Kontroller bakımından eski macera oyunlarında bulunan ayrı ayrı göz için inceleme, almak için el gibi komutlar yok. Gerçi bu tarz macera oyunları doksanların başından itibaren yerini tek tık ile tüm aksiyonları gerçekleştirmeye bırakmaya başlamıştı. Kısacası tek bir tuş ile tüm işlemlerimizi gerçekleştirebiliyoruz ve sağ tuş ile beliren envanterle elimizde ne var, ne yok göz atabiliyoruz. Fakat şunu söylemeliyim ki The Dig’in bulmacaları zorlayıcı. Oynadığınız süre boyunca birçok mekân gezeceksiniz ve kimi zaman neyin ne olduğu birbirine girecek. Envanterde topladığınız nesnelerle gerçekleştireceğiniz yapboz tarzı bulmacalardan uzaylı teknolojilerini çalıştırmaya kadar envai çeşit bulmaca karşınıza çıkacak. Benim tavsiyem sabırlı olun, Brink ve Robbins ile de bol bol konuşmayı ihmal etmeyin. Her ne kadar ikili kendi dünyalarında olsalar bile ipuçları bakımından sizlere faydalı olacaktırlar.
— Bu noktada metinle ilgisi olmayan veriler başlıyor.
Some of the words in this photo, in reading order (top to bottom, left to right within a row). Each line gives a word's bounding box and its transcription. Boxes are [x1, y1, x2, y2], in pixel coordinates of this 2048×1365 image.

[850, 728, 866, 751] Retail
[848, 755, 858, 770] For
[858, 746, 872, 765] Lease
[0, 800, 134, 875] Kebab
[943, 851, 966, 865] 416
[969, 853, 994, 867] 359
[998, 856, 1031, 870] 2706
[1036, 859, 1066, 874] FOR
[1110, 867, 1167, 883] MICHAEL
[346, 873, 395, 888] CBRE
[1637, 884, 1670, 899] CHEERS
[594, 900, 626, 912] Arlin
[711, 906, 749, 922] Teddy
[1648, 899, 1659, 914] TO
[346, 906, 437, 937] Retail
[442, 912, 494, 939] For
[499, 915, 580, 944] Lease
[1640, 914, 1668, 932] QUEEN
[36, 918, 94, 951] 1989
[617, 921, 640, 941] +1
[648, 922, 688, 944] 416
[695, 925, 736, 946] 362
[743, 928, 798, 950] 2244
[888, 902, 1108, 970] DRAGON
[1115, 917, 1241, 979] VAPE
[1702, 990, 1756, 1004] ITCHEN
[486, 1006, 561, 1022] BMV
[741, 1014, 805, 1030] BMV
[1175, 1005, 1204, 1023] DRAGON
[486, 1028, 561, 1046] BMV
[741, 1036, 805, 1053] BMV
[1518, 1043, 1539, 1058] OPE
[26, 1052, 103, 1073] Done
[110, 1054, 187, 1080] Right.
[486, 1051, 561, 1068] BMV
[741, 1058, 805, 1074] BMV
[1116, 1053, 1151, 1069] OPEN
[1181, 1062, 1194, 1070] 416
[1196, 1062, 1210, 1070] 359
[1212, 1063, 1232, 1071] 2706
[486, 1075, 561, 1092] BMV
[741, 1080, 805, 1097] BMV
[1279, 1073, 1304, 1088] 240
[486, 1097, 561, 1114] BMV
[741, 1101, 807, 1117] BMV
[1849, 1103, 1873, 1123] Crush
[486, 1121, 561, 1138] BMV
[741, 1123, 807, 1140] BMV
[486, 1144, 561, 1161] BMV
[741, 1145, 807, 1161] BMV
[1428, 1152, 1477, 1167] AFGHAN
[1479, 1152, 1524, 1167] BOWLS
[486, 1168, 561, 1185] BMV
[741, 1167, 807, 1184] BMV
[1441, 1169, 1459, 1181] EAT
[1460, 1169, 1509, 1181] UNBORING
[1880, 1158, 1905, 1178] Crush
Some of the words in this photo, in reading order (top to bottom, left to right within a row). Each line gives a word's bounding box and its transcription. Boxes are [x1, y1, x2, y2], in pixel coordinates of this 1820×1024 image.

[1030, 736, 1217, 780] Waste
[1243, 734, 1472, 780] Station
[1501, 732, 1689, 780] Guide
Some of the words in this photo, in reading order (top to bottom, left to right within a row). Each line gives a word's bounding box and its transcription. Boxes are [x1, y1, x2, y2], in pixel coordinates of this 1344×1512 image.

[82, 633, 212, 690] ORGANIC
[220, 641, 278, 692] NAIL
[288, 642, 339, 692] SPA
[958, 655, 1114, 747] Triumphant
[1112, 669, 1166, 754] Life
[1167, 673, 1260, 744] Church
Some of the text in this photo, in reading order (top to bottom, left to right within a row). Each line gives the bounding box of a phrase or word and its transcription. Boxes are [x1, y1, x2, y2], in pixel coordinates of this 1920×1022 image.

Günümüzde The Dig’i benim gibi nette sitesinden sorunsuzca bulabileceğiniz ScummVM emulatörü ile rahatlıkla oynayabilmeniz mümkün. Her ne kadar bulmacaları ile sabrınızı test etse de atmosferi ve hikâyesi bakımından buna değdiğini rahatlıkla söyleyebilirim. Haftaya Oynanması Gereken Macera Oyunları kuşağının kurallarını biraz esneterek nostaljik sayılmayan ama yüzde yüz macera oyunu klasiklerinden sayılan bir yapıma değineceğim. 90’lardan 2000’li yıllara geçiş yapacağımız önümüzdeki haftamızın konuğu Syberia serisi.